Cleareyed, sober, convincing account of an American working-class writer drawn into the Communist Party (1944-1957), of the witch hunts and terror sponsored by the US government, and of going to jail for zealous idealism. By the author of Citizen Tom Paine, Freedom Road, etc. Fast's autobiography joins Jack London's Martin Eden as a classic story of the birth of a self-educated writer, his grueling efforts to learn to write while in an abyss of poverty, his early rejections and then first sale--at 17--to Amazing Stories. By his 21st birthday, Fast had published three novels, trashed two others, and established himself with several sales to the slicks. But his reputation really bloomed with The Children, a short novel published in Story, about a black kid lynched in the Bronx: the magazine was banned throughout New England, and sales soared. By Fast's account, his Freedom Road (1944) became the largest-selling serious novel of the century--put into 86 languages, pirated and sold in countless millions in nearly 100 countries. This fame made him a target for the cultural division of the Communist Party, the main haven for US socialists.
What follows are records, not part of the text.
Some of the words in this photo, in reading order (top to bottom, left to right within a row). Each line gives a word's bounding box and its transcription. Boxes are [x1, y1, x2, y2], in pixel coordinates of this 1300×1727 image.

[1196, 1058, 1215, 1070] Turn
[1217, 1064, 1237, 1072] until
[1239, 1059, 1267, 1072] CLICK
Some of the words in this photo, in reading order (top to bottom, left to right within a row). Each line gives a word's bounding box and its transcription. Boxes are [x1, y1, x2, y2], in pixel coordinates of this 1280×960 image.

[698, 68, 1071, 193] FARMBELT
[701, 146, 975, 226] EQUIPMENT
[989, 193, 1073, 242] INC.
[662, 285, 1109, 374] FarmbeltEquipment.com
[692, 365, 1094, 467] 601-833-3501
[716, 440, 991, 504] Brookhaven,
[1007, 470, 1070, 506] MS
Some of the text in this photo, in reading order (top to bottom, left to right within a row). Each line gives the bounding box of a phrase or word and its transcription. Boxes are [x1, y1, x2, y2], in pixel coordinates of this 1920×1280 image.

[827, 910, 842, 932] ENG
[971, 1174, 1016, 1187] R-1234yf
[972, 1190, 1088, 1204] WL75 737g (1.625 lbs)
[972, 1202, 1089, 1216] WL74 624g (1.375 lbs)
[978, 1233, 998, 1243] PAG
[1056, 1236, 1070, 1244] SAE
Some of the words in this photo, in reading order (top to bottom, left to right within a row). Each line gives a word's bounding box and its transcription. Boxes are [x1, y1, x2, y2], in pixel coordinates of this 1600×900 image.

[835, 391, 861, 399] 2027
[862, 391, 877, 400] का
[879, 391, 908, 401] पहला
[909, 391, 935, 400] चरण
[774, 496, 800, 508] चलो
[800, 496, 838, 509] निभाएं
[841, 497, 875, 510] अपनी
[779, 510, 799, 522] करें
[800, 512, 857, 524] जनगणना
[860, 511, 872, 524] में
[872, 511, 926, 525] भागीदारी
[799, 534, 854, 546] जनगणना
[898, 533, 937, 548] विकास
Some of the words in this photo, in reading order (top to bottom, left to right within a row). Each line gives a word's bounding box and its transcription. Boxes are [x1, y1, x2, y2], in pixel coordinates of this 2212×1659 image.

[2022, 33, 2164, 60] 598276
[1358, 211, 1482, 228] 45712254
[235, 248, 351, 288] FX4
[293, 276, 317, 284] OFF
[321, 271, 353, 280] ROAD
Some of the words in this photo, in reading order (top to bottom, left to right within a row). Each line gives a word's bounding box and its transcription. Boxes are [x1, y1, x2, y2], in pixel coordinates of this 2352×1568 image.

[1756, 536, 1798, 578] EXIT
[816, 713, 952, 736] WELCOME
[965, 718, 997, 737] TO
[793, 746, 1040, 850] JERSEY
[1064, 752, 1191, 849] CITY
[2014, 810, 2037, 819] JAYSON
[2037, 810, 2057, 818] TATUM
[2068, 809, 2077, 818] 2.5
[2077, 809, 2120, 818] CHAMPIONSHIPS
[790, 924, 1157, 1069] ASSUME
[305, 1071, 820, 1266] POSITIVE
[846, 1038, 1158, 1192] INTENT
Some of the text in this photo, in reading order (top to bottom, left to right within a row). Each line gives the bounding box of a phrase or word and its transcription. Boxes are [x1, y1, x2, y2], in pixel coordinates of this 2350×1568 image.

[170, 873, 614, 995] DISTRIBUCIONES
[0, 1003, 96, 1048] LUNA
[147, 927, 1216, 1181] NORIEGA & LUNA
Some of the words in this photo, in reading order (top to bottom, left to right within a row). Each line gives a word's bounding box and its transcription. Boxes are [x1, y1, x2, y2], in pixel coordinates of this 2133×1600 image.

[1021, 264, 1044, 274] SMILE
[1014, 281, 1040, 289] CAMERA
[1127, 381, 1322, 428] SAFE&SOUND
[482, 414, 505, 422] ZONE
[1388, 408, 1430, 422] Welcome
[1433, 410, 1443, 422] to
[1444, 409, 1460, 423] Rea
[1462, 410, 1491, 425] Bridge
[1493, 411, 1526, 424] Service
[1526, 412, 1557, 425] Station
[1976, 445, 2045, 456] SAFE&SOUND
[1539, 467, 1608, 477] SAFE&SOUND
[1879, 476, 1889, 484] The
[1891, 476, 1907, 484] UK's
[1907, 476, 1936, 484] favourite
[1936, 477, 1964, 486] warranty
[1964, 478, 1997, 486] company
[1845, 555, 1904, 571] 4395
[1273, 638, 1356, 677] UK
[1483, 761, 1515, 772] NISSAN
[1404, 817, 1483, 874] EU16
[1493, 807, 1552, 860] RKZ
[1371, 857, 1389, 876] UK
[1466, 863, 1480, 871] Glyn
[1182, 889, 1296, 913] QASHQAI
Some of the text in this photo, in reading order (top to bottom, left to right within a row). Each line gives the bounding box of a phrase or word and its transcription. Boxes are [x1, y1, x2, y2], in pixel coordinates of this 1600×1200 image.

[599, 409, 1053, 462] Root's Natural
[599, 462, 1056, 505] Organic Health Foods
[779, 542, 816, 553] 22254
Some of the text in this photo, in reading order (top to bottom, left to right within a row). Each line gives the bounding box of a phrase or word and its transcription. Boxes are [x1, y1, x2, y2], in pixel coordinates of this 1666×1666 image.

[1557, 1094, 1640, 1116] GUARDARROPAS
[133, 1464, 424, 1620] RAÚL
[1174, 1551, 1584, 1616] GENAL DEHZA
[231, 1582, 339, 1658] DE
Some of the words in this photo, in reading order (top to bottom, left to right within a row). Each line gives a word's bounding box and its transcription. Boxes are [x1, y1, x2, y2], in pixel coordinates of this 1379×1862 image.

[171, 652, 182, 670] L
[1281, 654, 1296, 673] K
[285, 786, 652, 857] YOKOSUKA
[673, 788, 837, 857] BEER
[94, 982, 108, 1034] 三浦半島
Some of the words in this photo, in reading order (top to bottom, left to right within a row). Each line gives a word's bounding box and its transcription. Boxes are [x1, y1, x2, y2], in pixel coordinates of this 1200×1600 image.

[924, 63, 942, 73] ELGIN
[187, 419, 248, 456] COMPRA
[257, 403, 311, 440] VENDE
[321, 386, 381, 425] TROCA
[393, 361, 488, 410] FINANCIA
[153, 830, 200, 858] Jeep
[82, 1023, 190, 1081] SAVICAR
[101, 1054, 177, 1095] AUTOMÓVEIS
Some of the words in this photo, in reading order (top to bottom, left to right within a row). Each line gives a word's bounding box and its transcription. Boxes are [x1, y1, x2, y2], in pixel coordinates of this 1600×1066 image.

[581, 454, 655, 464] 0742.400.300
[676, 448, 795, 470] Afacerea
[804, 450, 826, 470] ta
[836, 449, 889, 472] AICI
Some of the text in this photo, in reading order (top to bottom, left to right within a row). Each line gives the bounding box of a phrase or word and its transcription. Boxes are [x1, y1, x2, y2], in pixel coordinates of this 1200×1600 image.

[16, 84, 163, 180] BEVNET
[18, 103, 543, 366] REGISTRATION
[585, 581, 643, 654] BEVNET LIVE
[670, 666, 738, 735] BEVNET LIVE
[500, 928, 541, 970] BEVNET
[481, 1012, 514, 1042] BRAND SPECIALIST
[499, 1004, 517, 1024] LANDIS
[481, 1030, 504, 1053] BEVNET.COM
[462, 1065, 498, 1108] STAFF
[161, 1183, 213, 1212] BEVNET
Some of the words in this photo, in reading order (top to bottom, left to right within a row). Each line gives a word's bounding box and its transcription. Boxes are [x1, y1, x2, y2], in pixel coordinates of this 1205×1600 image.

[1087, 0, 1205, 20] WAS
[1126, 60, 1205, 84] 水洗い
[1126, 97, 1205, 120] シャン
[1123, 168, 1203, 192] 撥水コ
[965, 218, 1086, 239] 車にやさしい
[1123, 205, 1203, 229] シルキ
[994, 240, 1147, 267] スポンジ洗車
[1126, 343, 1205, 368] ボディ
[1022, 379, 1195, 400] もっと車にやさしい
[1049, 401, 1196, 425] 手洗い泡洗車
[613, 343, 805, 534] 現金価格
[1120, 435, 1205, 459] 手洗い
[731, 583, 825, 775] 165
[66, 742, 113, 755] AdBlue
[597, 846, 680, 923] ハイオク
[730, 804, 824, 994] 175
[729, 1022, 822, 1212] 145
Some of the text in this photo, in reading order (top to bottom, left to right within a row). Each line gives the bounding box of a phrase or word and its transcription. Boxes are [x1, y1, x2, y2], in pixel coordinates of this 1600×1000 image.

Feted in Hollywood by famous writers, actors, and artists who were party members, he at last joined--the CP was the only serious choice for one given to human rights, he says, and Russia was our ally at the time. Fast captures those years with tremendous warmth: ""But never--and I write this 36 years after I left the party--never did I hear, at any Communist Party meeting, that pervasive and unending slander, the overthrow of the government by force and violence. Never did I hear it mentioned or discussed, and if it had been, it would have been put down immediately as brainless nonsense."" He regards the 1100 pages of FBI notes on him (recovered through the Freedom of Information Act) as a testament ""proving that I had not lived a worthless existence but had done my best to help and nourish the poor and oppressed. . ."" The story of his vilification, imprisonment, and blacklisting by publishers is searing, his recovery by self. publishing Spartacus inspiring--as in his 56-year marriage, which survived much crunching, bashing, and suffering. Citizen Fast's masterpiece--and long life to it.